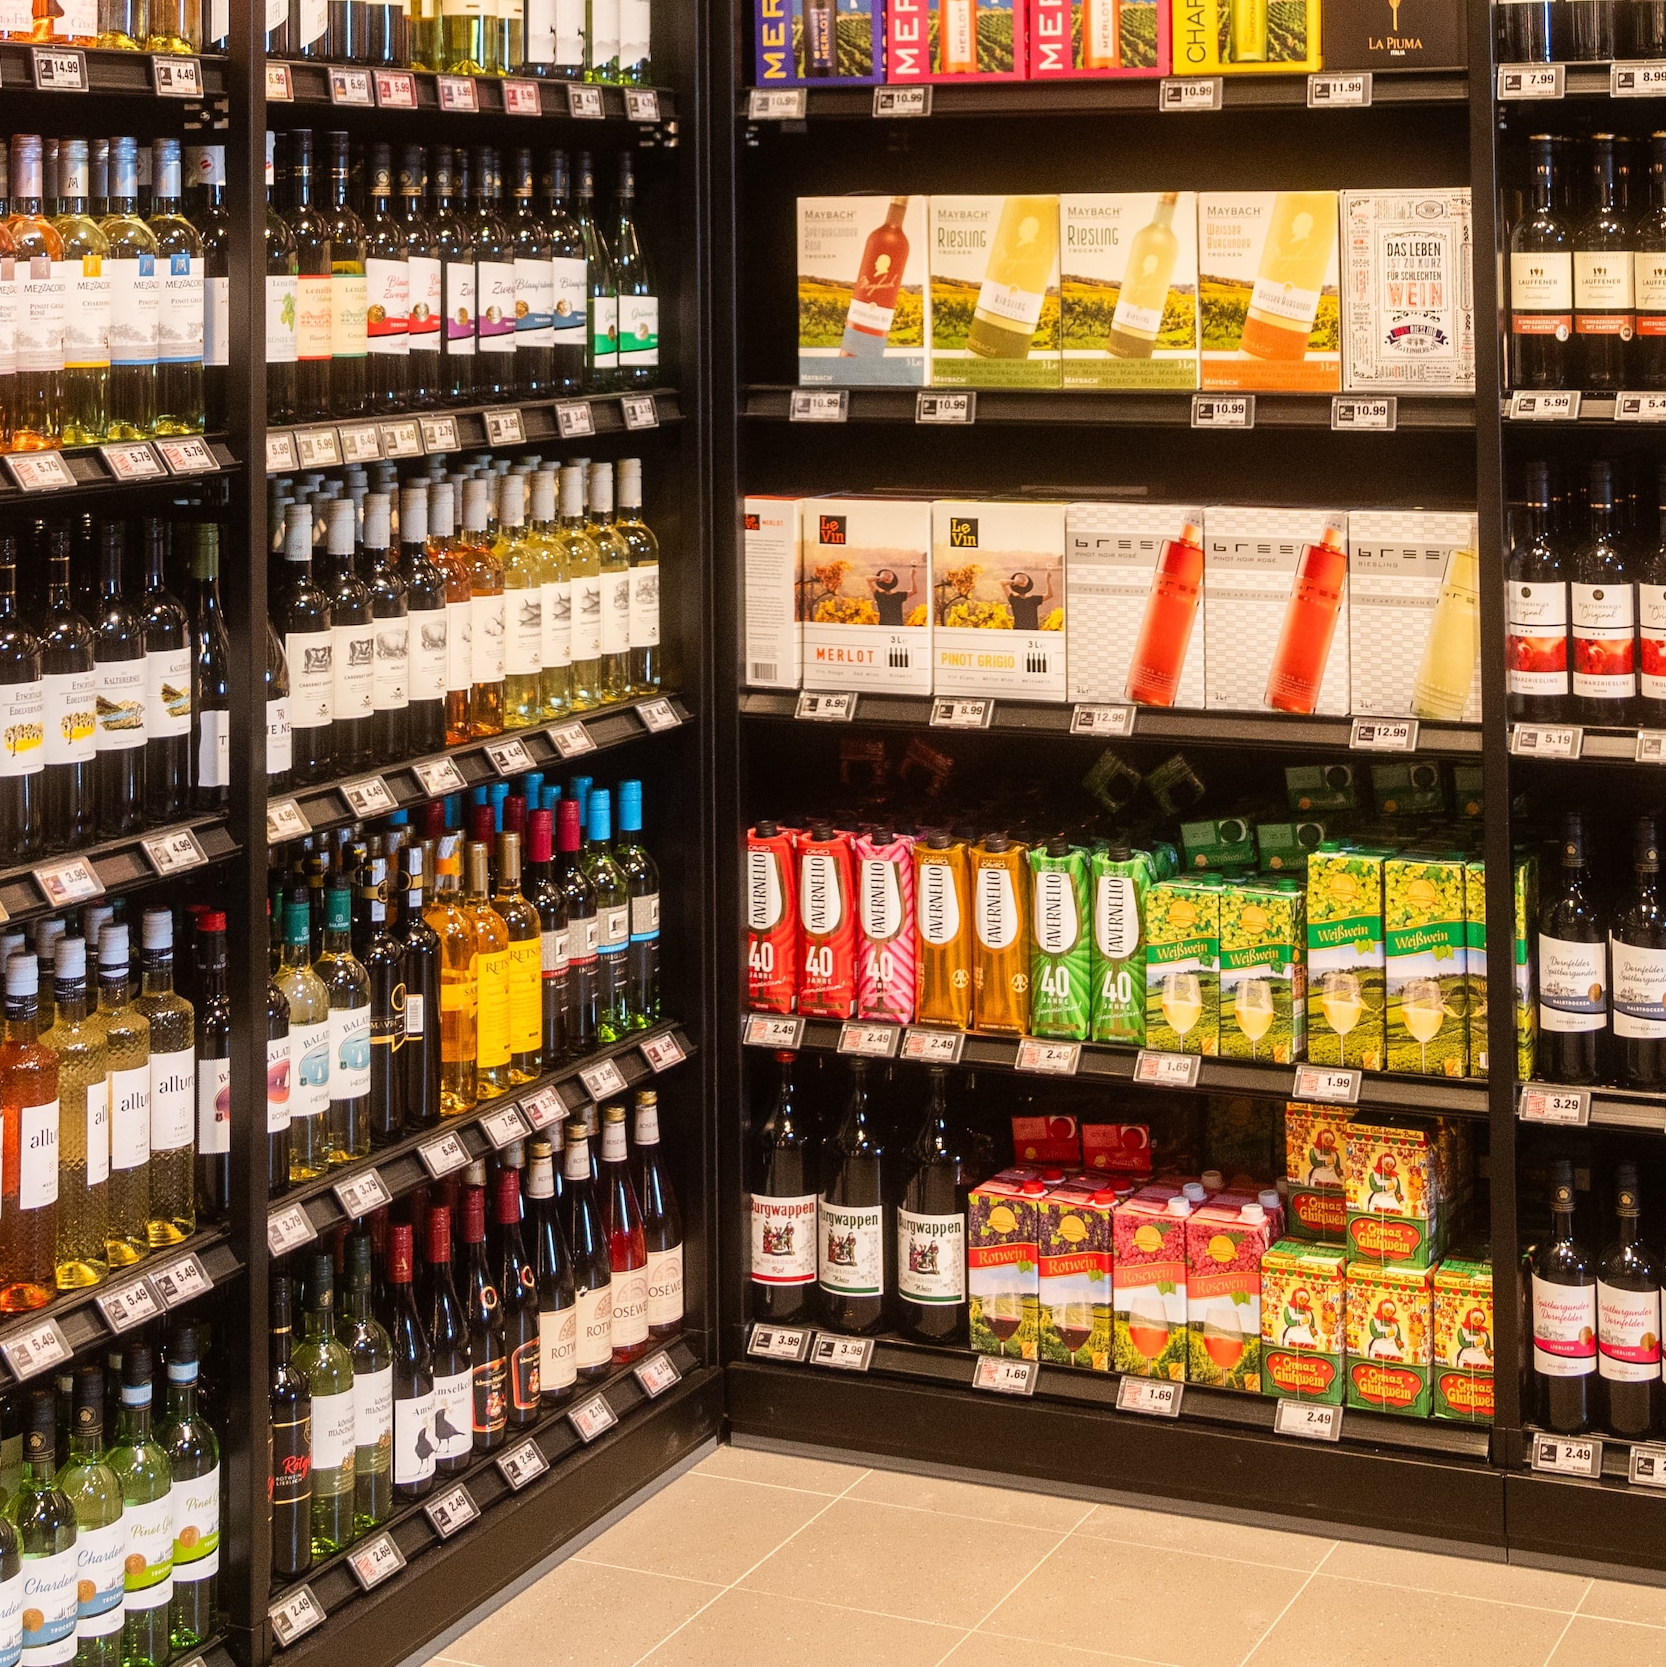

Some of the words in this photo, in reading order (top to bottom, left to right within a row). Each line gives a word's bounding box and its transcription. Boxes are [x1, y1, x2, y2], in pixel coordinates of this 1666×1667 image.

[1368, 37, 1384, 50] LA
[1386, 36, 1422, 50] PIUMA
[54, 60, 78, 73] 14.99
[177, 69, 194, 81] 4.49
[350, 79, 366, 90] 6.99
[457, 85, 471, 97] 5.99
[1332, 83, 1361, 93] 11.99
[895, 94, 922, 103] 10.99
[1207, 206, 1261, 216] MAYBACH
[1387, 242, 1407, 258] DAS
[1409, 242, 1441, 257] LEBEN
[1387, 258, 1400, 269] IST
[1404, 257, 1415, 268] ZU
[1418, 257, 1441, 268] KURZ
[1387, 269, 1398, 280] FÜR
[1400, 270, 1441, 280] SCHLECHTEN
[1387, 282, 1443, 309] WEIN
[1215, 404, 1244, 414] 10.99
[184, 445, 204, 458] 5.79
[821, 516, 839, 531] Le
[821, 530, 845, 544] Vin
[1358, 561, 1398, 569] RIESLING
[816, 647, 874, 663] MERLOT
[941, 652, 973, 666] PINOT
[977, 653, 1015, 669] GRIGIO
[1376, 727, 1406, 738] 12.99
[365, 786, 383, 799] 4.49
[811, 857, 825, 930] TAVERNELLO
[929, 867, 944, 940] TAVERNELLO
[1046, 874, 1062, 949] TAVERNELLO
[1317, 924, 1369, 944] Weißwein
[1157, 941, 1208, 960] Weißwein
[805, 946, 833, 977] 40
[1041, 965, 1070, 997] 40
[773, 1024, 794, 1034] 2.49
[931, 1040, 953, 1050] 2.49
[1326, 1077, 1350, 1088] 1.99
[1553, 1098, 1579, 1110] 3.29
[441, 1142, 458, 1156] 6.99
[979, 1248, 1027, 1265] Rotwein
[1123, 1267, 1174, 1284] Roséwein
[126, 1290, 148, 1308] 5.49
[1282, 1357, 1317, 1373] Omas
[1273, 1368, 1325, 1388] Glühwein
[1307, 1413, 1331, 1424] 2.49
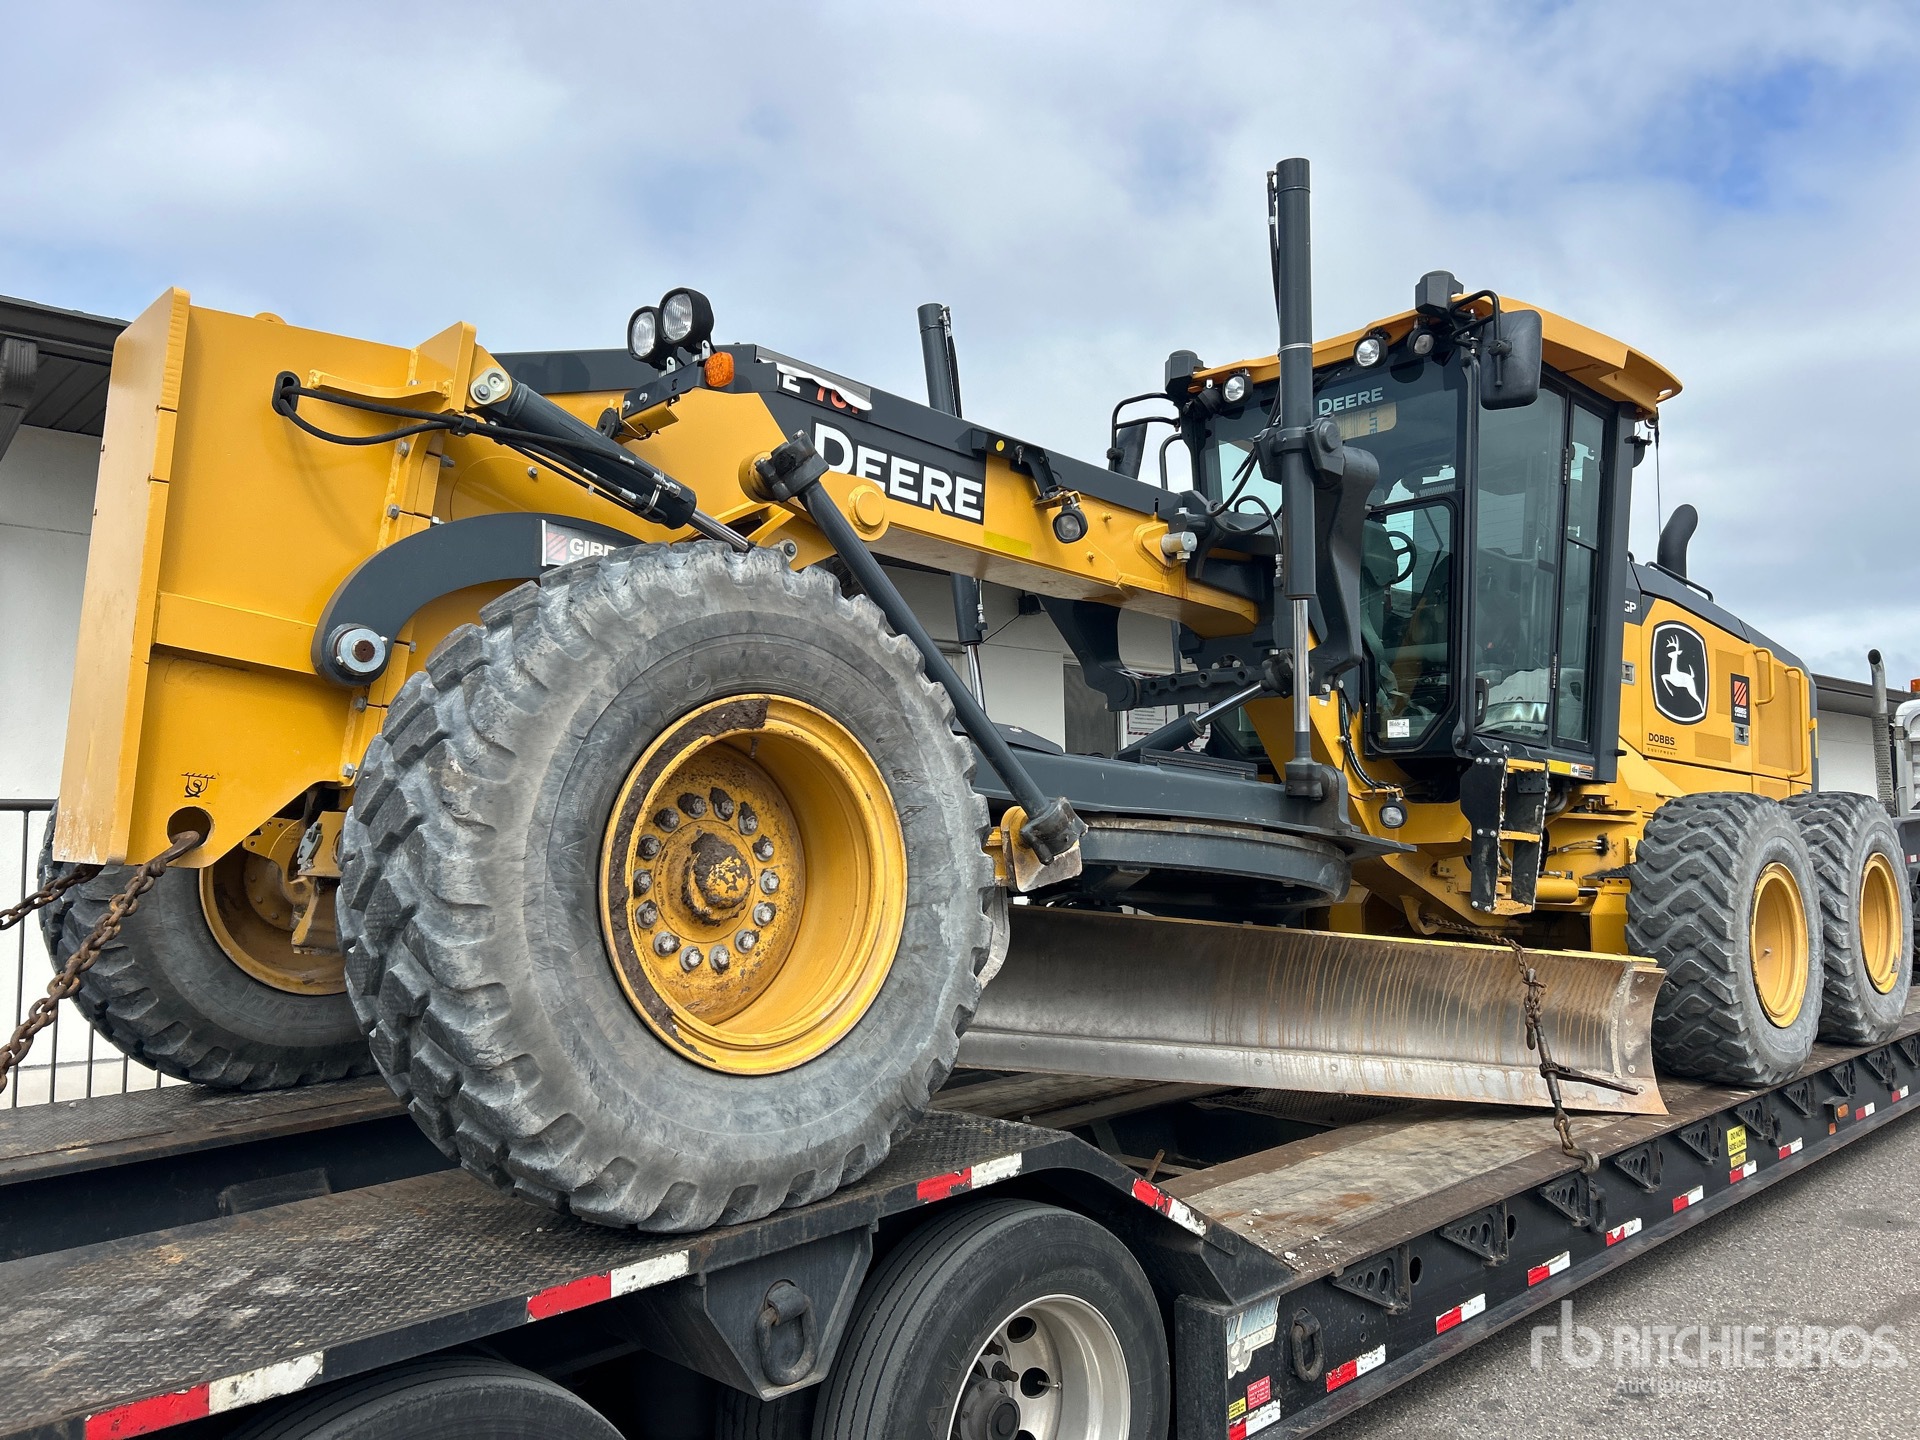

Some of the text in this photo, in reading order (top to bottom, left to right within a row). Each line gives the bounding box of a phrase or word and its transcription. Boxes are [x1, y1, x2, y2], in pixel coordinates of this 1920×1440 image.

[1318, 386, 1384, 416] DEERE
[814, 422, 983, 520] DEERE
[1648, 732, 1675, 746] DOBBS

> **Work to complete**: From the line holding "Some of the text" to the last line of the entries above, restate each line exactly; include both ends and omit everything else.

> **Exercise solution**:
Some of the text in this photo, in reading order (top to bottom, left to right within a row). Each line gives the bounding box of a phrase or word and its transcription. Boxes are [x1, y1, x2, y2], in pixel coordinates of this 1920×1440 image.

[1318, 386, 1384, 416] DEERE
[814, 422, 983, 520] DEERE
[1648, 732, 1675, 746] DOBBS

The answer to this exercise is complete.